The FAI Junior Cup is a cup competition organized by the Football Association of Ireland for junior association football clubs from the Republic of Ireland. The inaugural winners were Brideville. The competition's most successful club is Fairview Rangers of the Limerick & District League who have been winners nine times. According to the FAI, the FAI Junior Cup is one of the largest national amateur cup competitions in Europe. The 2012–13 competition saw an estimated 600 clubs enter the cup. The competition also serves a qualifier for the senior FAI Cup with the four semi-finalists all invited to take part in the FAI Cup.

History

League of Ireland
The cup's first winners were Brideville who beat Cobh Ramblers in the inaugural 1923–24 final. Brideville and Cobh Ramblers also became the first of several future League of Ireland members to feature in an FAI Junior Cup final. Sligo Rovers, Evergreen United, St Patrick's Athletic, Bray Wanderers, Home Farm, Finn Harps and St Francis all won the cup before joining the national league. Drogheda United were finalists on four occasions but never winners while Athlone Town won the cup twice during the 1930s after dropping out of the League of Ireland.

Recent finals
On 2 June 2013 the FAI Junior Cup final was played at the Aviva Stadium for the first time.

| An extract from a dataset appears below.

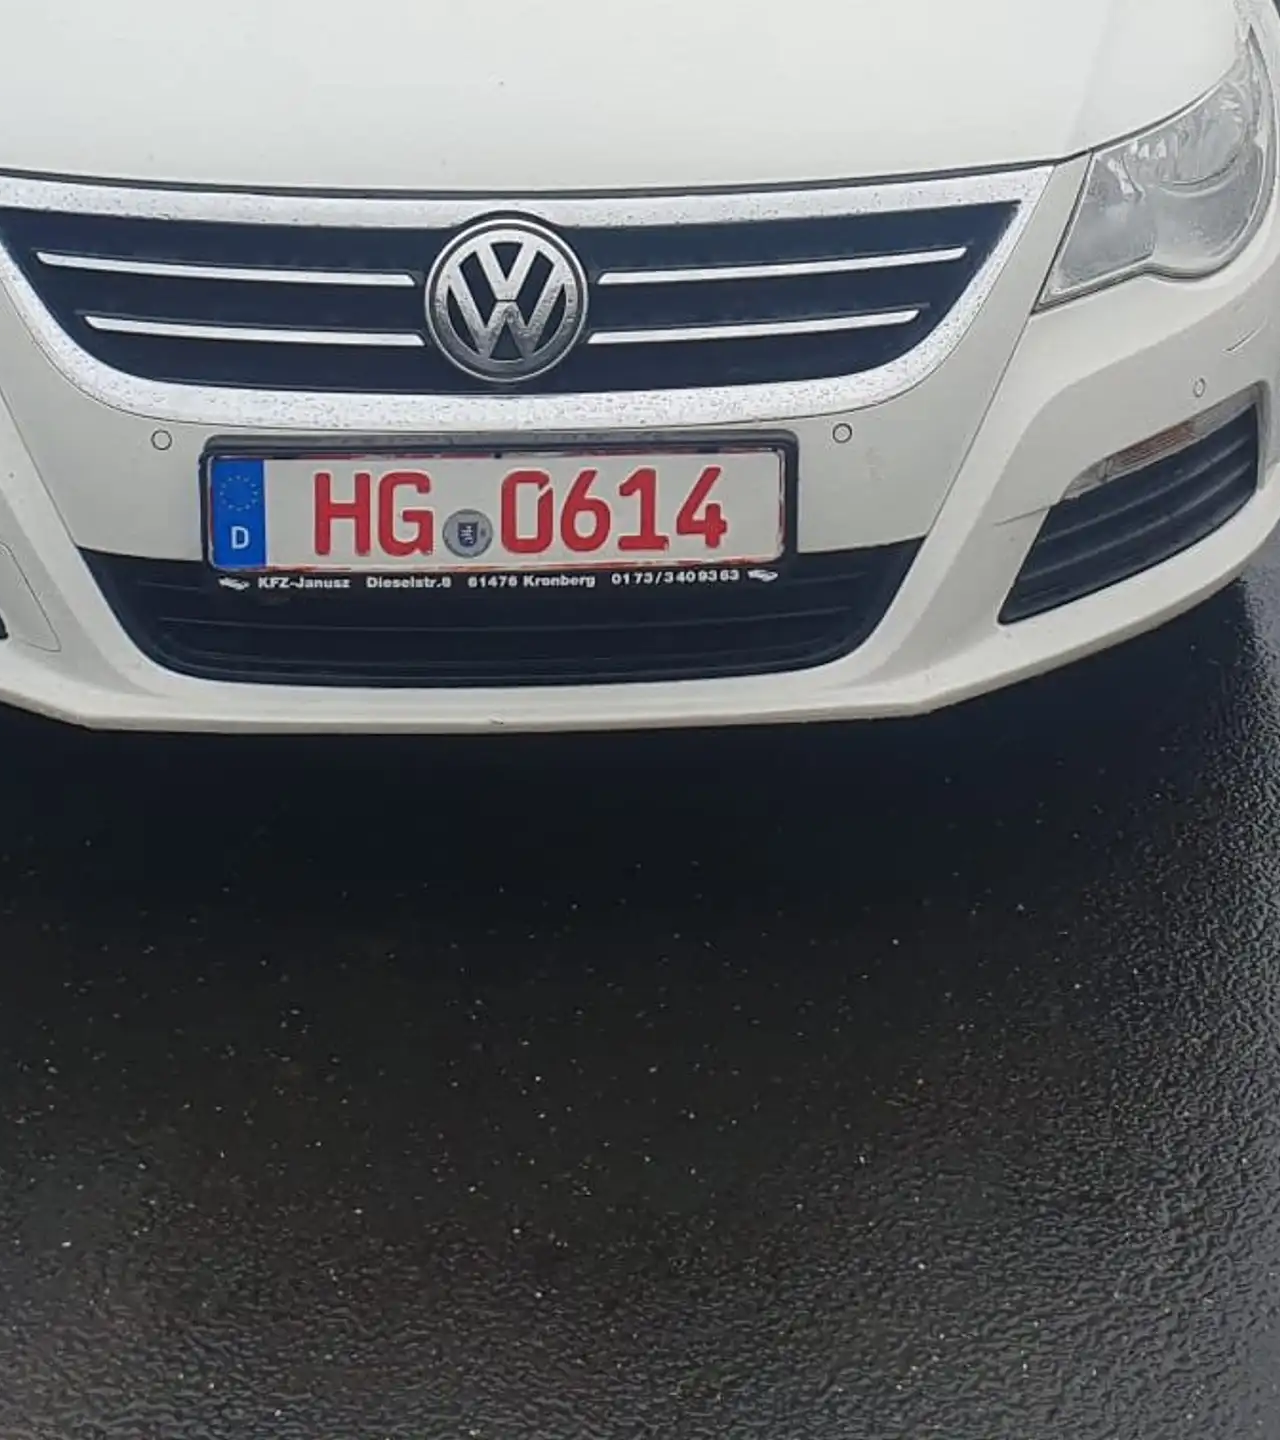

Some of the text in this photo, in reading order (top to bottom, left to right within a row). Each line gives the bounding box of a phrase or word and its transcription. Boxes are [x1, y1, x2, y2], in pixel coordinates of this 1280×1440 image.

It was played before a friendly international between the Republic of Ireland and Georgia. In 2013 Aviva joined Umbro as sponsors of the FAI Junior Cup and as part of the arrangement all the finals since then have been played at the Aviva Stadium. Sheriff Y.C. became the first club to win the cup following a final at the Aviva. The 2014–15 and 2015–16 finals were both played as double headers along with the FAI Intermediate Cup finals.

Television coverage
TV coverage debuted on TG4 and Setanta Sports in 2014 from the quarter-finals stage. Irish TV replaced TG4 as free-to-air broadcaster in 2015, and all three channels showed coverage in 2016, again from the quarter-finals stage.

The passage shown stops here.